Seminar ini juga menghadirkan kesaksian langsung dari para saksi kemanusiaan yang baru saja kembali dari Gaza. Prof. Dr. dr. Basuki Supartono, Sp.OT., FICS, MARS., yang menjadi relawan medis di wilayah konflik, menegaskan bahwa penghancuran sistem kesehatan di Gaza adalah tindakan yang disengaja, bukan akibat dari ‘kesalahan target’. Rumah sakit, tenaga medis, hingga ambulans menjadi sasaran sistematis.
Sementara itu, jurnalis Al Jazeera English, Maher Abu Quta, mengungkap sisi lain dari agresi militer: serangan terhadap media. “Mereka membungkam suara kebenaran. Media menjadi target, kantor-kantor dihancurkan, jurnalis dilarang masuk, bahkan keluarga kami pun tidak luput dari ancaman,” katanya tegas.
Kisah paling menyentuh datang dari jurnalis Youmna Al Sayed. Dengan suara yang nyaris pecah, ia menggambarkan ketegangan yang dialaminya sehari-hari di Gaza. “Setiap lima menit, rumahku ditembaki.
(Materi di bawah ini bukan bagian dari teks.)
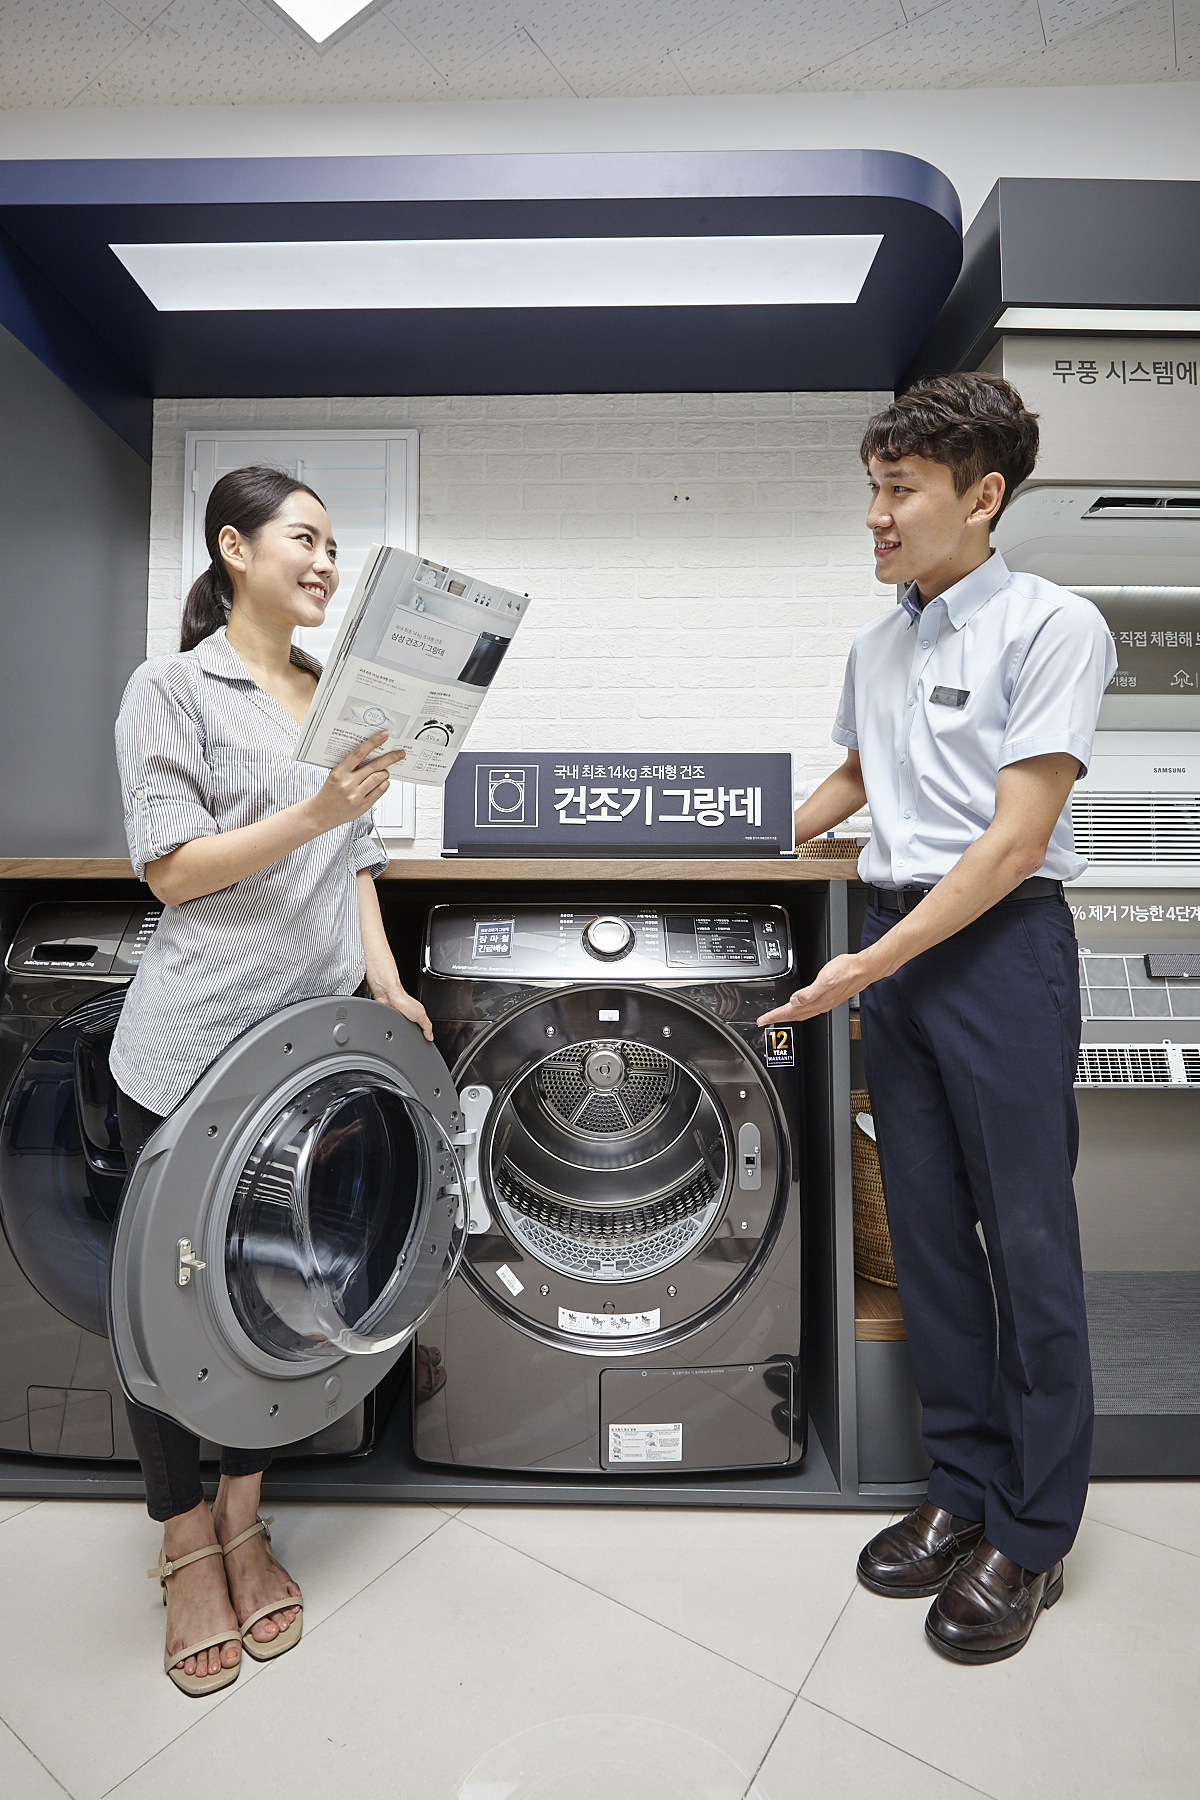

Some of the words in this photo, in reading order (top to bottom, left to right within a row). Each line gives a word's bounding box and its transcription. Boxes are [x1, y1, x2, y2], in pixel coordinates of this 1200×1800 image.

Aku tahu ini harga yang harus kubayar karena memberitakan kebenaran tentang bangsaku. Tapi aku membayarnya dengan keselamatan keluargaku.”
Suasana haru menyelimuti ruangan, tapi semangat tak padam. Sesi tanya jawab yang dipandu Sita Paprika dari TV One membuka ruang interaksi yang hangat dan reflektif. Di akhir acara, Adara meluncurkan gerakan Satu Rumah Satu Aqsa (SRSA), sebuah inisiatif untuk menanamkan semangat perjuangan Palestina dari dalam rumah tangga Indonesia.
“Perubahan besar selalu dimulai dari rumah. Dari kesadaran kecil yang kita tanamkan kepada keluarga kita,” ujar Maryam menutup seminar.
Bagi peserta, acara ini bukan sekadar seminar. Ia adalah ruang perlawanan, seruan bersama untuk tidak lagi diam di hadapan ketidakadilan. Influencer sekaligus aktivis Palestina, Elsa Masyita, merangkum semuanya dalam satu kalimat penuh makna:
“Yang kita tahu dari berita, itu baru 10% dari kenyataannya. Dan itu sudah cukup untuk menyadarkan kita: diam adalah pengkhianatan.” ujarnya.